- [WHAT YOU ARE ASKED TO DO]:
Below are records that should be duplicated exactly, with no image retained.

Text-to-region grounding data
↓↓↓

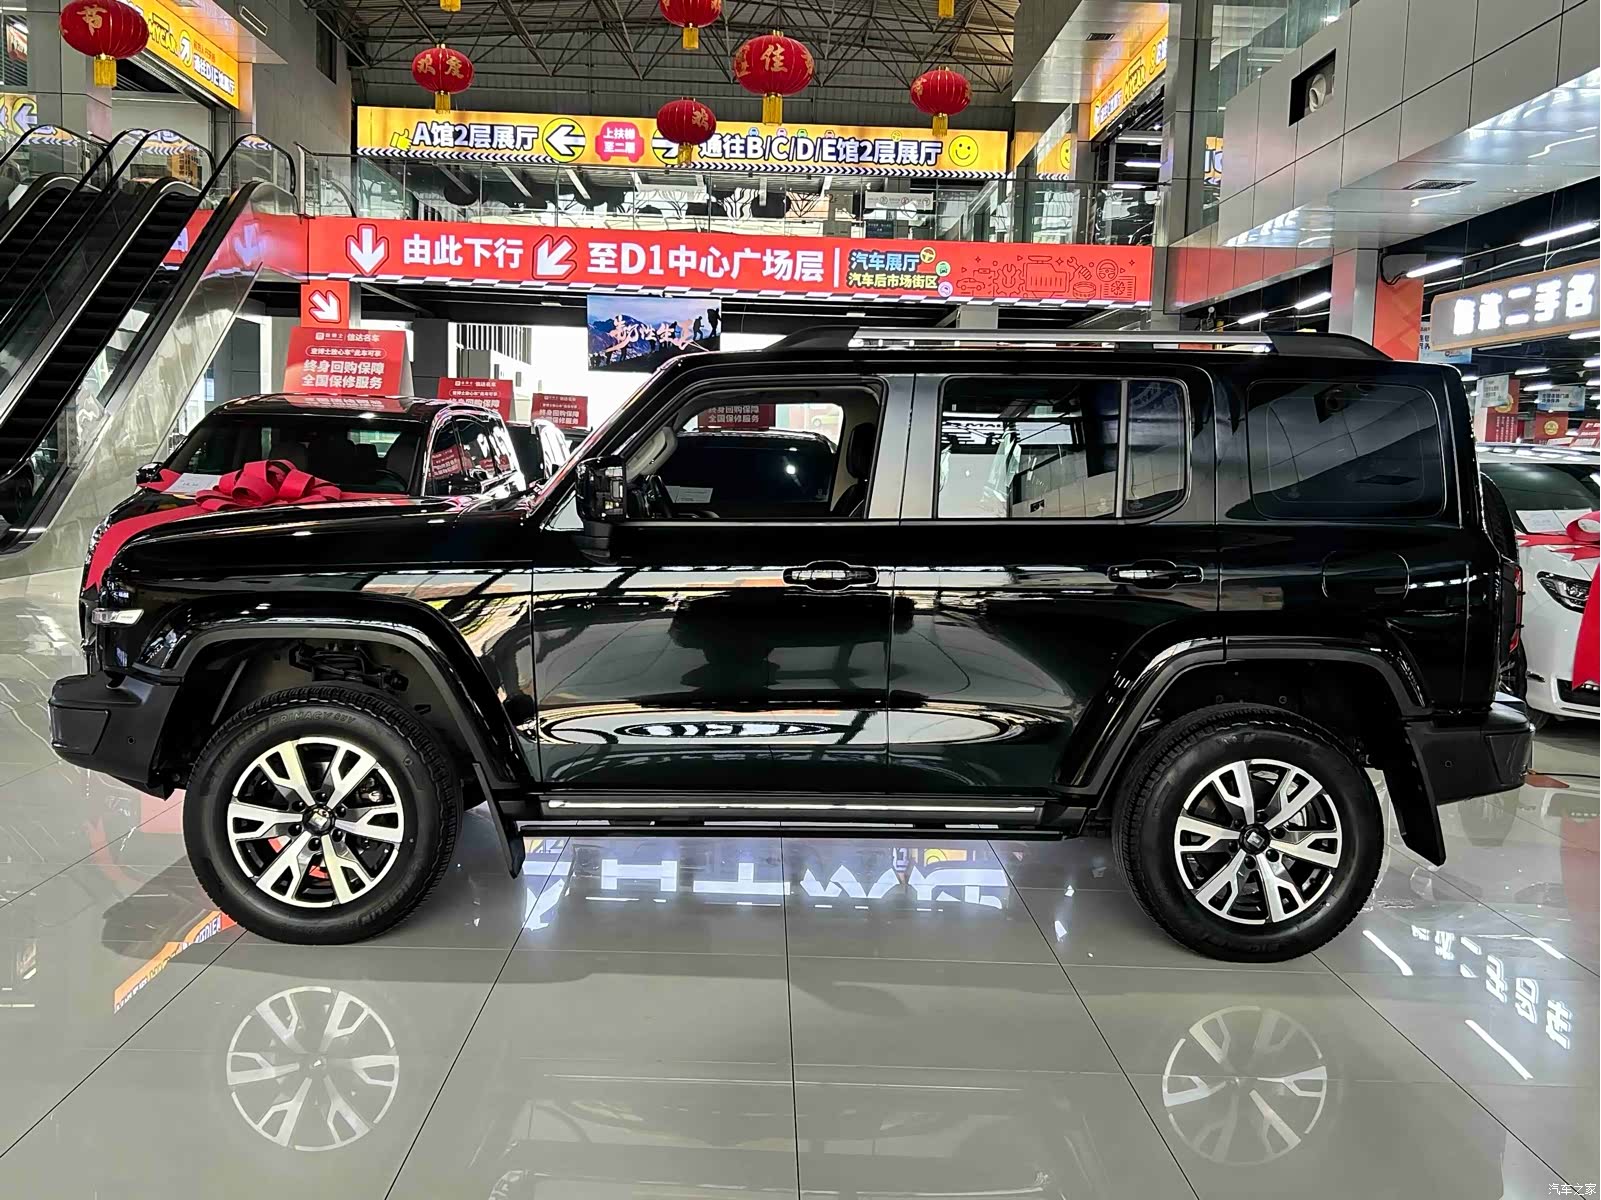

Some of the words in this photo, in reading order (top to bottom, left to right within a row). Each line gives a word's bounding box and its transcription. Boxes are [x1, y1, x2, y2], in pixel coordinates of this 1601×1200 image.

[760, 43, 788, 72] 佳
[412, 121, 539, 151] A馆2层展厅
[700, 133, 942, 166] 通往B/C/D/E馆2层展厅
[403, 233, 524, 270] 由此下行
[587, 242, 824, 283] 至D1中心广场层
[851, 251, 920, 272] 汽车展厅
[848, 272, 938, 289] 汽车后市场街区
[303, 360, 385, 375] 终身回购保障
[302, 374, 383, 389] 全国保修服务
[708, 415, 760, 423] 全国保修服务
[272, 711, 332, 725] PRIMACY
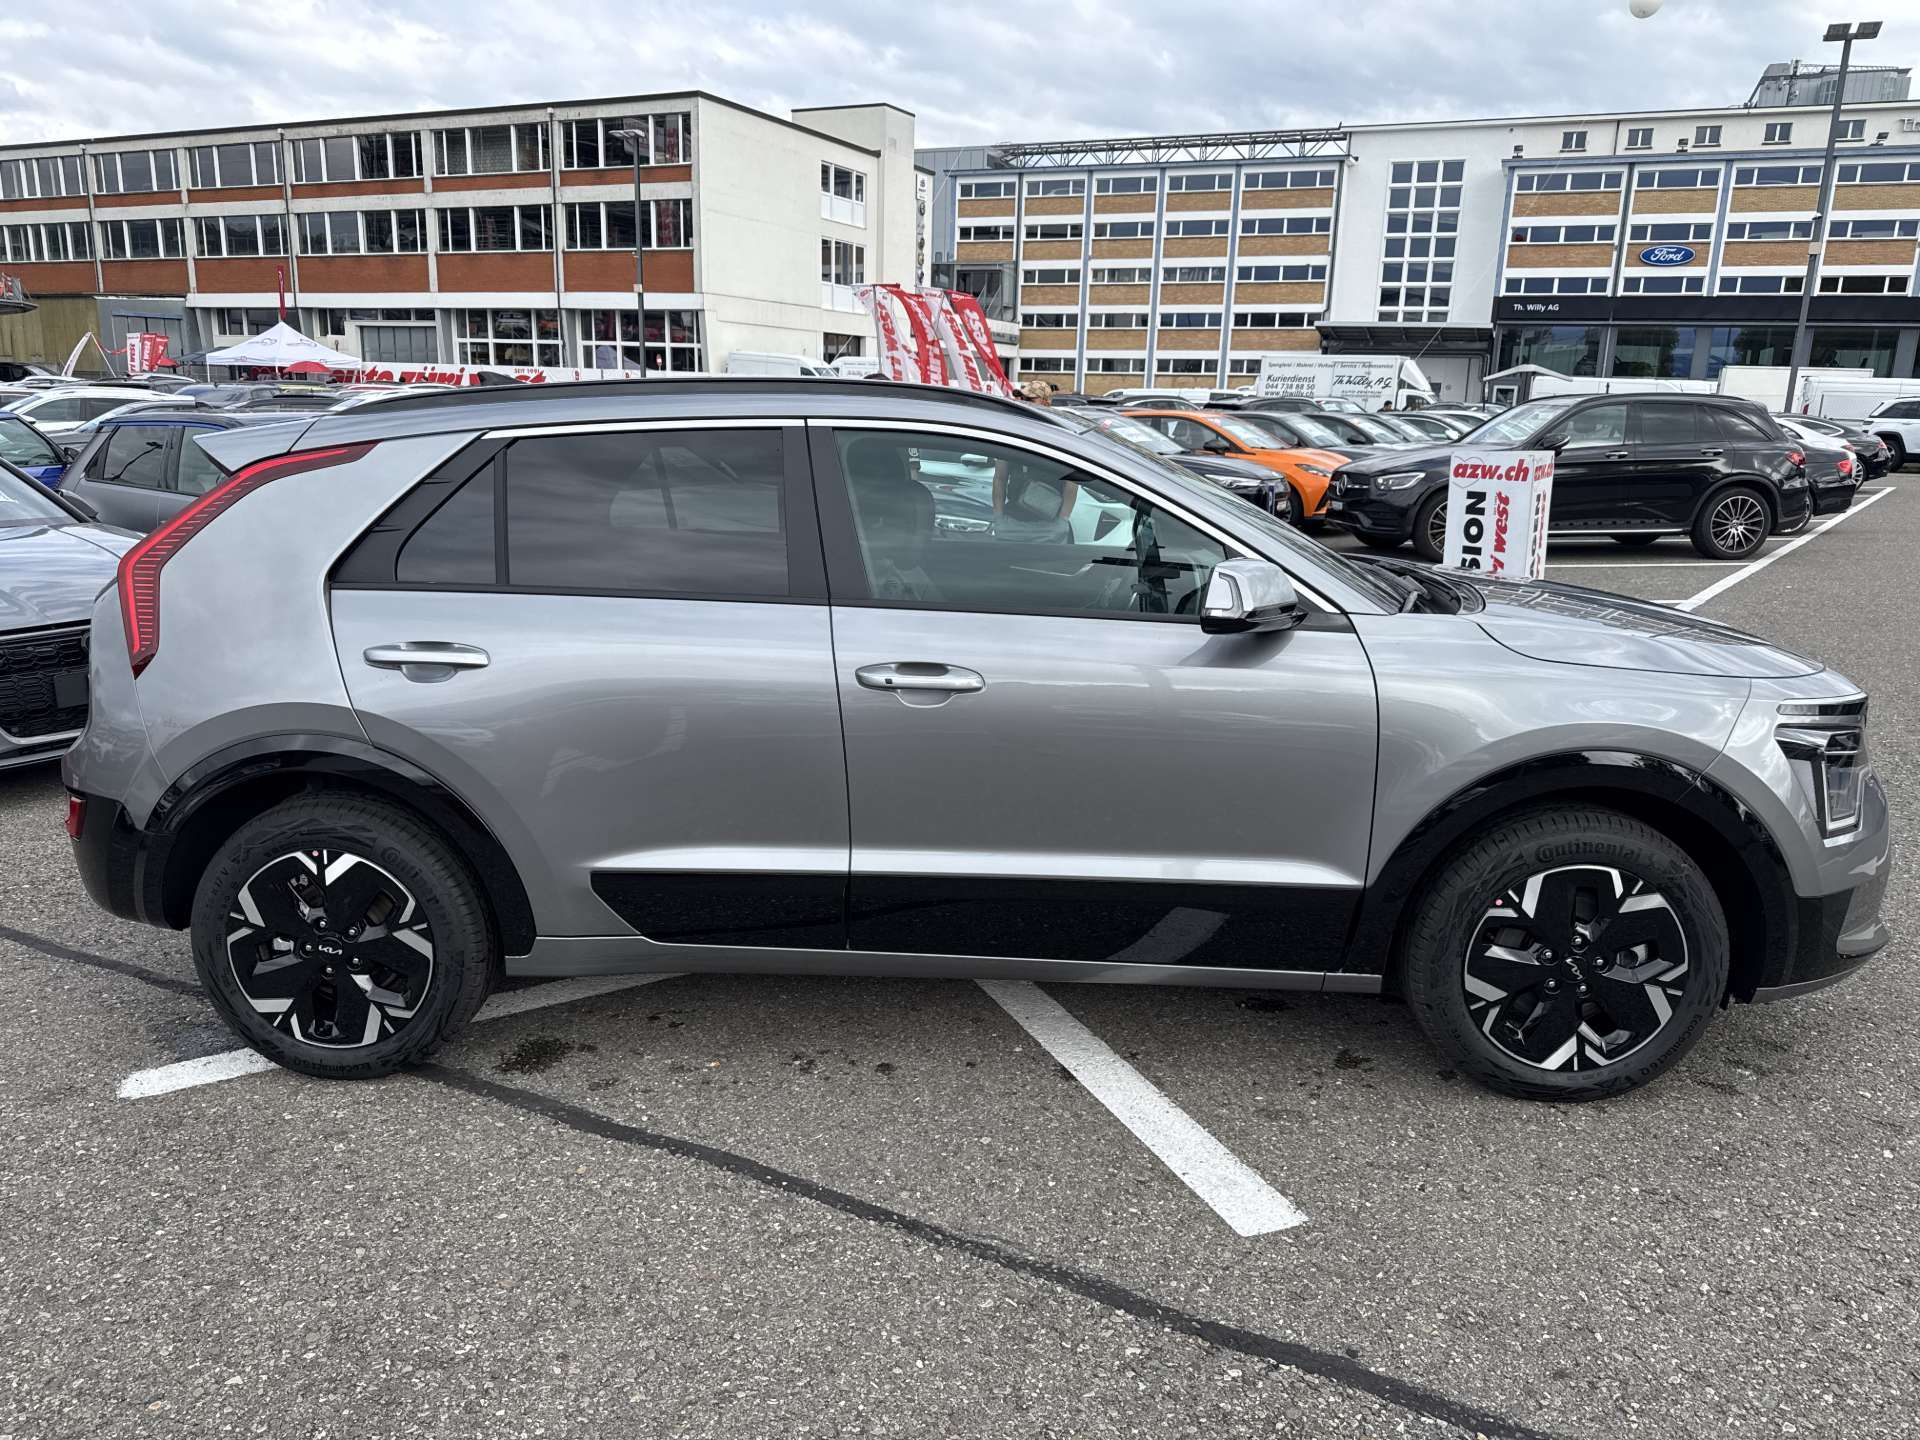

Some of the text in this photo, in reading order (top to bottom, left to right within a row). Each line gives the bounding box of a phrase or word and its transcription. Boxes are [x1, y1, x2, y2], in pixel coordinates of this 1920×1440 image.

[1650, 247, 1684, 262] Ford
[1526, 304, 1546, 312] Willy
[1266, 374, 1316, 383] Kurierdienst
[1453, 459, 1530, 482] azw.ch
[1494, 490, 1510, 553] west
[1534, 838, 1643, 863] Continental

↑↑↑

- [TASK ANSWER]:
Some of the words in this photo, in reading order (top to bottom, left to right within a row). Each line gives a word's bounding box and its transcription. Boxes are [x1, y1, x2, y2], in pixel coordinates of this 1601×1200 image.

[760, 43, 788, 72] 佳
[412, 121, 539, 151] A馆2层展厅
[700, 133, 942, 166] 通往B/C/D/E馆2层展厅
[403, 233, 524, 270] 由此下行
[587, 242, 824, 283] 至D1中心广场层
[851, 251, 920, 272] 汽车展厅
[848, 272, 938, 289] 汽车后市场街区
[303, 360, 385, 375] 终身回购保障
[302, 374, 383, 389] 全国保修服务
[708, 415, 760, 423] 全国保修服务
[272, 711, 332, 725] PRIMACY

Some of the text in this photo, in reading order (top to bottom, left to right within a row). Each line gives the bounding box of a phrase or word and its transcription. Boxes are [x1, y1, x2, y2], in pixel coordinates of this 1920×1440 image.

[1650, 247, 1684, 262] Ford
[1526, 304, 1546, 312] Willy
[1266, 374, 1316, 383] Kurierdienst
[1453, 459, 1530, 482] azw.ch
[1494, 490, 1510, 553] west
[1534, 838, 1643, 863] Continental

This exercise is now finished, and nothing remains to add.